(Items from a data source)
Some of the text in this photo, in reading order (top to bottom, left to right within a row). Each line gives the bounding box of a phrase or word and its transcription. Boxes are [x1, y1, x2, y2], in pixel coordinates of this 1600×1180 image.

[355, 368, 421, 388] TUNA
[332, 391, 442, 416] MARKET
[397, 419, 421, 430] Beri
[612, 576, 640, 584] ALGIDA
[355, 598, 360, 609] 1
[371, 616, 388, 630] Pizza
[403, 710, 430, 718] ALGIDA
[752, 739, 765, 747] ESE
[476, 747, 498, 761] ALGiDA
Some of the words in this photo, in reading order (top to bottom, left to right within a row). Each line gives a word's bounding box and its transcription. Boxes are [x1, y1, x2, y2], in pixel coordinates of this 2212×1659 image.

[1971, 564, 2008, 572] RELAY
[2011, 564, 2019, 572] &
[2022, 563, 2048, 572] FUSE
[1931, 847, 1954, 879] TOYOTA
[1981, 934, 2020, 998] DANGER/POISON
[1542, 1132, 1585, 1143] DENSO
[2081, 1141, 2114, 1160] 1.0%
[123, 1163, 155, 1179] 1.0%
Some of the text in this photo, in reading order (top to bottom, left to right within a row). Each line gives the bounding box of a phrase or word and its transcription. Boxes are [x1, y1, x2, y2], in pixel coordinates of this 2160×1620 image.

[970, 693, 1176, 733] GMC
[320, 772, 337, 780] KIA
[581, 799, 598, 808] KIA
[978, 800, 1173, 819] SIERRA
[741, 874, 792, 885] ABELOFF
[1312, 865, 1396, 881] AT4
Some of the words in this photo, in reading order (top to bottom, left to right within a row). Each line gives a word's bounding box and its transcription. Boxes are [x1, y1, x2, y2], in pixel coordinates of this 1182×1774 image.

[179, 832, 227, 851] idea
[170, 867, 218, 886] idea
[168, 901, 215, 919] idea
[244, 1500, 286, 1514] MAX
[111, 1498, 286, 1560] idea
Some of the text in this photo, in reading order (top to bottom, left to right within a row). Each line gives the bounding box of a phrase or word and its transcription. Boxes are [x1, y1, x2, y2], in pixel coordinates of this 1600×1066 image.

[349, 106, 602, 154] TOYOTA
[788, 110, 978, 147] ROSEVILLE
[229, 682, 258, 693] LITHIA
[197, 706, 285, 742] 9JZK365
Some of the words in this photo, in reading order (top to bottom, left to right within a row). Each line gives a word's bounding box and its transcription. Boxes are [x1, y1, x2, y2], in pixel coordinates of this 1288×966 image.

What needs to be done
Only the lines from the one containing "this 2212×1659 image." to the end of the data should be printed, exactly as they stand.

Answer section
Some of the words in this photo, in reading order (top to bottom, left to right within a row). Each line gives a word's bounding box and its transcription. Boxes are [x1, y1, x2, y2], in pixel coordinates of this 2212×1659 image.

[1971, 564, 2008, 572] RELAY
[2011, 564, 2019, 572] &
[2022, 563, 2048, 572] FUSE
[1931, 847, 1954, 879] TOYOTA
[1981, 934, 2020, 998] DANGER/POISON
[1542, 1132, 1585, 1143] DENSO
[2081, 1141, 2114, 1160] 1.0%
[123, 1163, 155, 1179] 1.0%
Some of the text in this photo, in reading order (top to bottom, left to right within a row). Each line gives the bounding box of a phrase or word and its transcription. Boxes are [x1, y1, x2, y2], in pixel coordinates of this 2160×1620 image.

[970, 693, 1176, 733] GMC
[320, 772, 337, 780] KIA
[581, 799, 598, 808] KIA
[978, 800, 1173, 819] SIERRA
[741, 874, 792, 885] ABELOFF
[1312, 865, 1396, 881] AT4
Some of the words in this photo, in reading order (top to bottom, left to right within a row). Each line gives a word's bounding box and its transcription. Boxes are [x1, y1, x2, y2], in pixel coordinates of this 1182×1774 image.

[179, 832, 227, 851] idea
[170, 867, 218, 886] idea
[168, 901, 215, 919] idea
[244, 1500, 286, 1514] MAX
[111, 1498, 286, 1560] idea
Some of the text in this photo, in reading order (top to bottom, left to right within a row). Each line gives the bounding box of a phrase or word and its transcription. Boxes are [x1, y1, x2, y2], in pixel coordinates of this 1600×1066 image.

[349, 106, 602, 154] TOYOTA
[788, 110, 978, 147] ROSEVILLE
[229, 682, 258, 693] LITHIA
[197, 706, 285, 742] 9JZK365
Some of the words in this photo, in reading order (top to bottom, left to right within a row). Each line gives a word's bounding box and its transcription. Boxes are [x1, y1, x2, y2], in pixel coordinates of this 1288×966 image.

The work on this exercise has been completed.